(Image-backed grounding data)
----

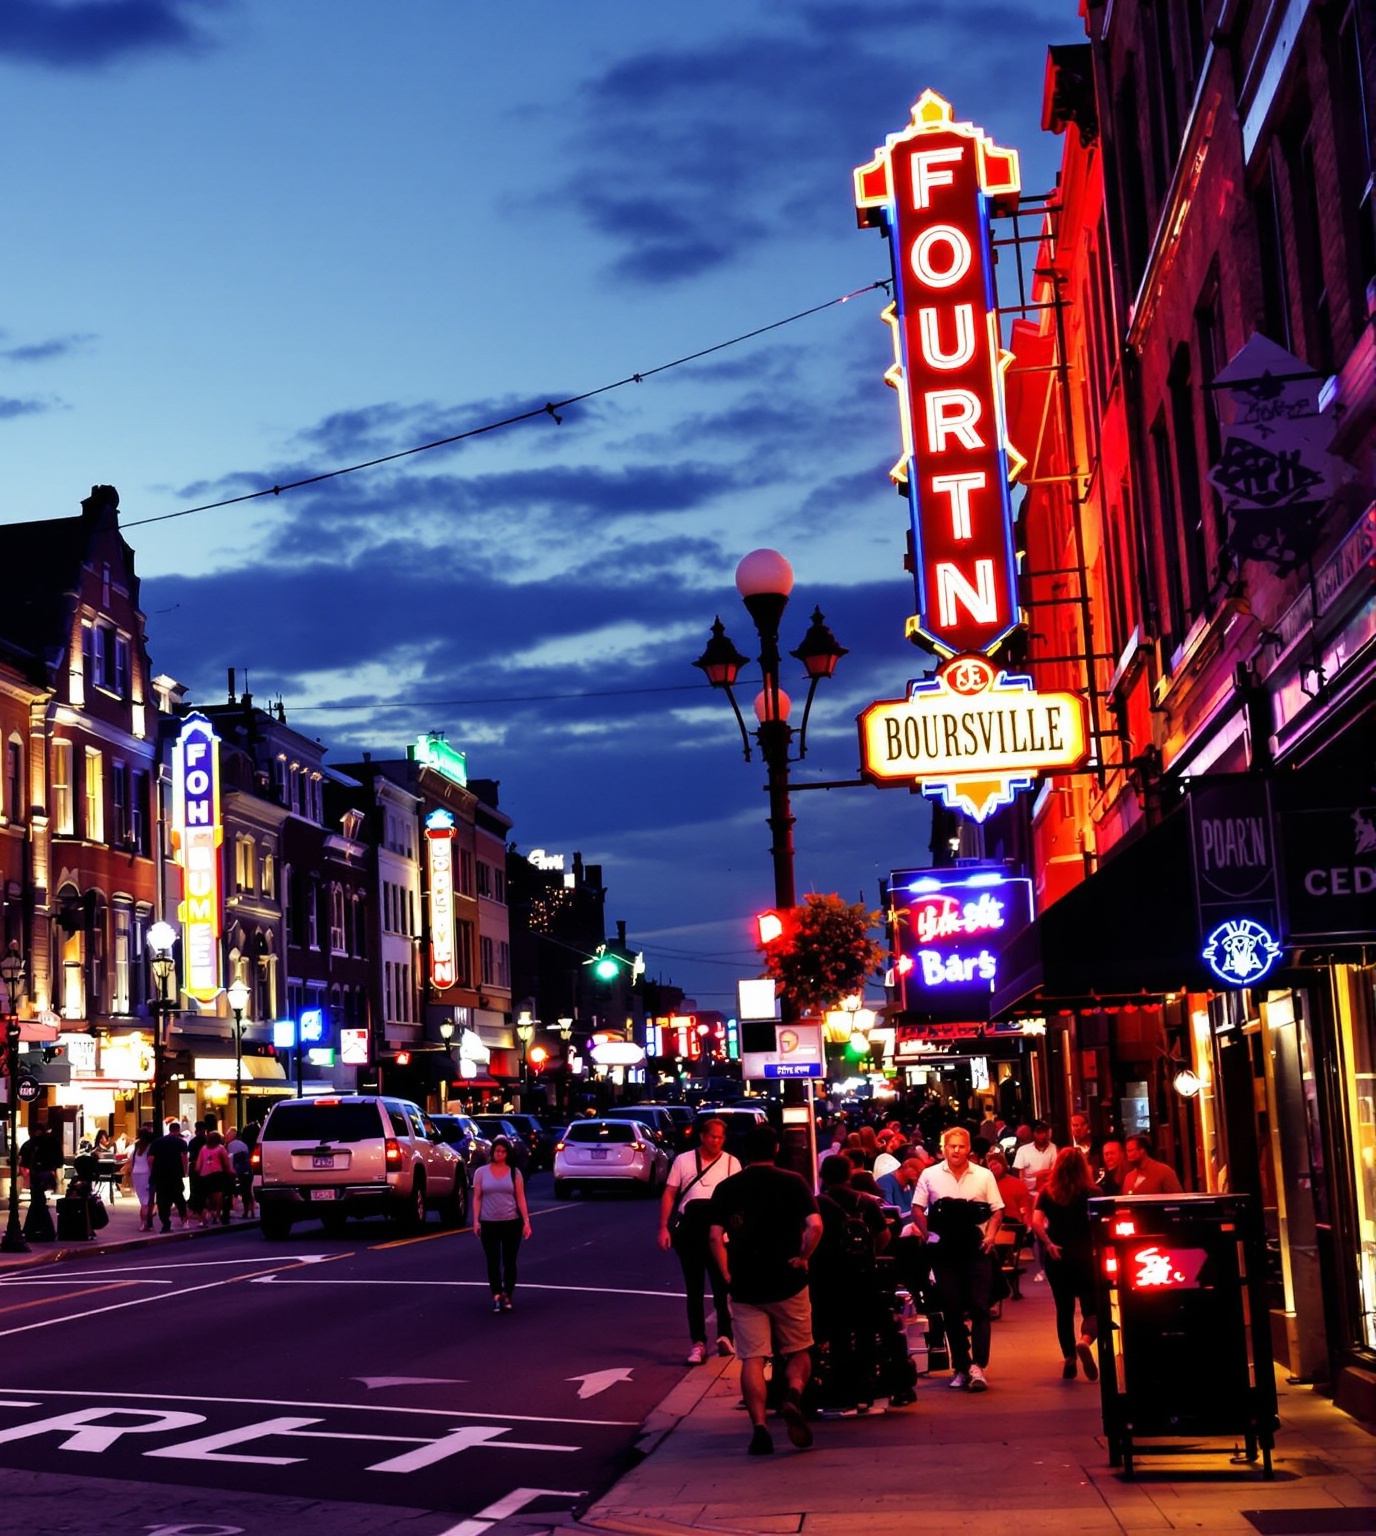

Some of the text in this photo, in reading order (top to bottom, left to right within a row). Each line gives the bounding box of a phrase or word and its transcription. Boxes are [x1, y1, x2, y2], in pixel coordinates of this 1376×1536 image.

[909, 145, 999, 628] FOURTN
[884, 704, 1064, 762] BOURSVILLE
[918, 950, 997, 986] Bars
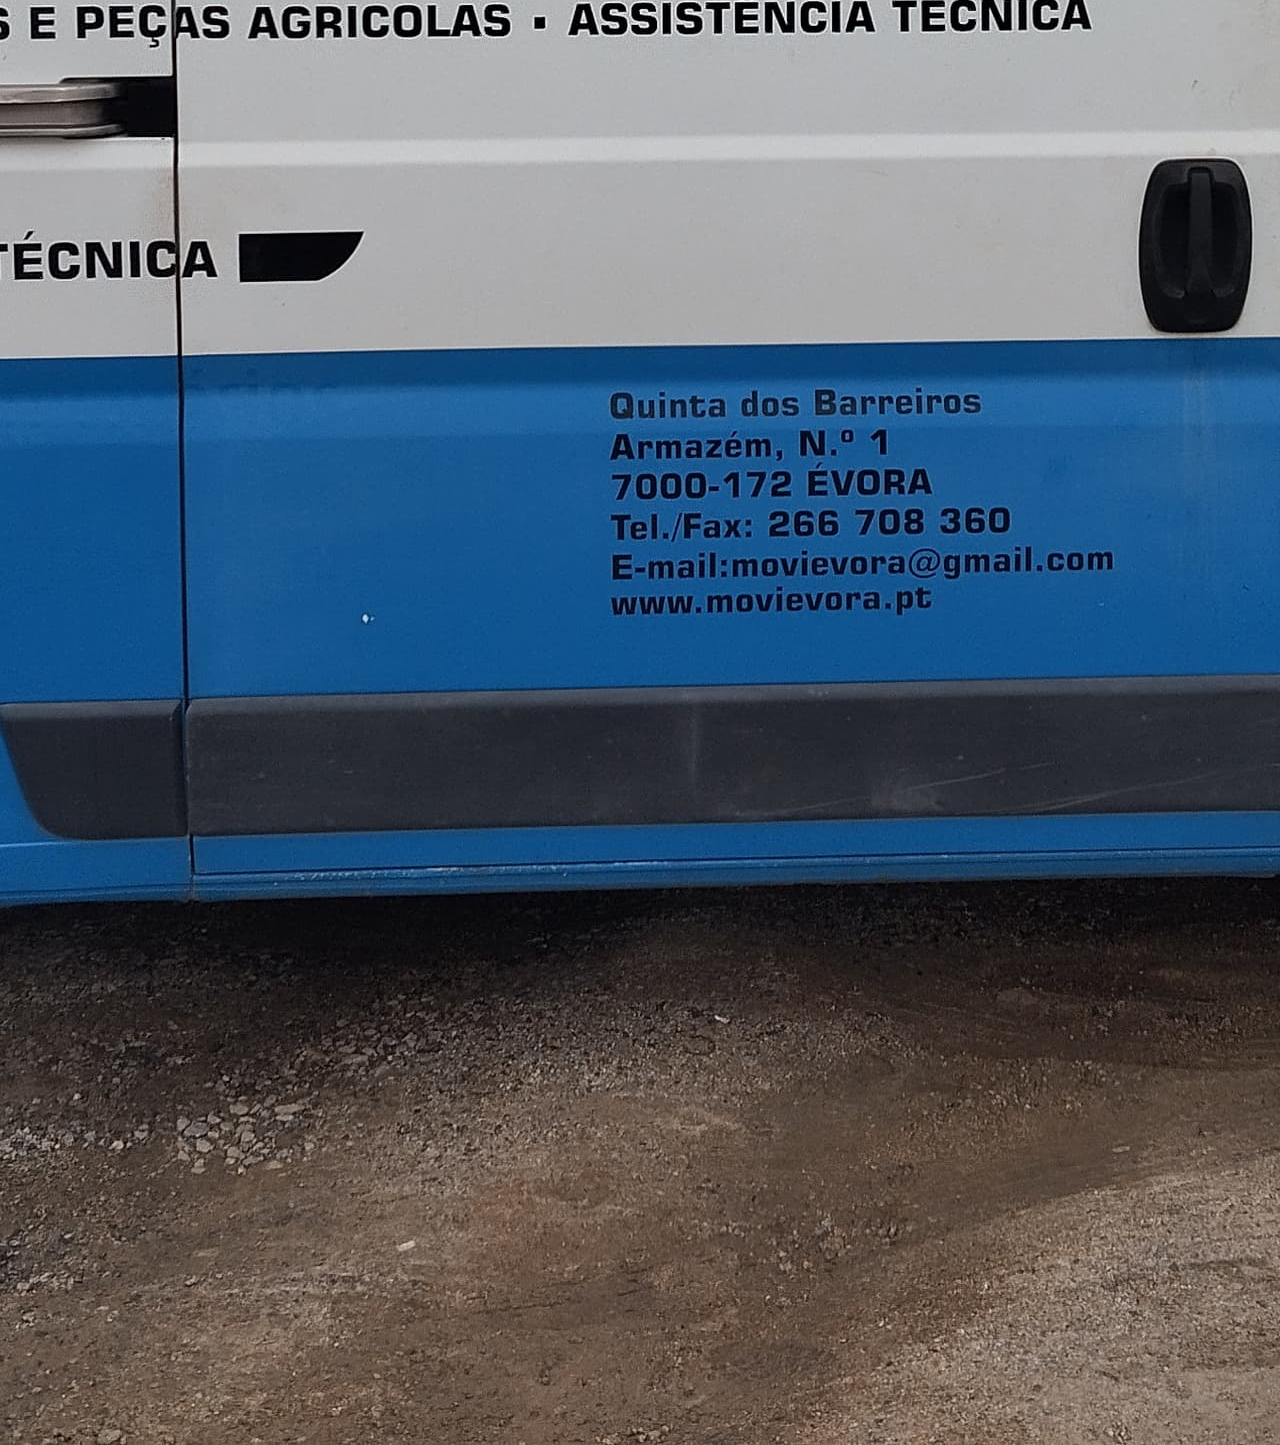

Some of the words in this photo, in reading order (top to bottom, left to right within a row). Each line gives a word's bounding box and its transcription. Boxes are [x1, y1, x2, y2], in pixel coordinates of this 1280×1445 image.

[30, 6, 56, 40] E
[76, 4, 230, 50] PEÇAS
[247, 3, 511, 39] AGRICOLAS
[609, 392, 726, 420] Quinta
[741, 391, 800, 416] dos
[814, 388, 982, 416] Barreiros
[610, 431, 785, 461] Armazém,
[872, 429, 888, 455] 1
[611, 471, 793, 500] 7000-172
[807, 463, 933, 497] ÉVORA
[611, 512, 753, 542] Tel./Fax:
[768, 510, 839, 537] 266
[855, 508, 925, 535] 708
[940, 507, 1011, 534] 360
[611, 547, 1114, 581] E-mail:movievora@gmail.com
[611, 587, 933, 616] www.movievora.pt

----

[What is required] Text only, no pictures: copy every entry exactly.

[Output below]
Some of the text in this photo, in reading order (top to bottom, left to right within a row). Each line gives the bounding box of a phrase or word and its transcription. Boxes are [x1, y1, x2, y2], in pixel coordinates of this 1376×1536 image.

[909, 145, 999, 628] FOURTN
[884, 704, 1064, 762] BOURSVILLE
[918, 950, 997, 986] Bars

Some of the words in this photo, in reading order (top to bottom, left to right within a row). Each line gives a word's bounding box and its transcription. Boxes are [x1, y1, x2, y2], in pixel coordinates of this 1280×1445 image.

[30, 6, 56, 40] E
[76, 4, 230, 50] PEÇAS
[247, 3, 511, 39] AGRICOLAS
[609, 392, 726, 420] Quinta
[741, 391, 800, 416] dos
[814, 388, 982, 416] Barreiros
[610, 431, 785, 461] Armazém,
[872, 429, 888, 455] 1
[611, 471, 793, 500] 7000-172
[807, 463, 933, 497] ÉVORA
[611, 512, 753, 542] Tel./Fax:
[768, 510, 839, 537] 266
[855, 508, 925, 535] 708
[940, 507, 1011, 534] 360
[611, 547, 1114, 581] E-mail:movievora@gmail.com
[611, 587, 933, 616] www.movievora.pt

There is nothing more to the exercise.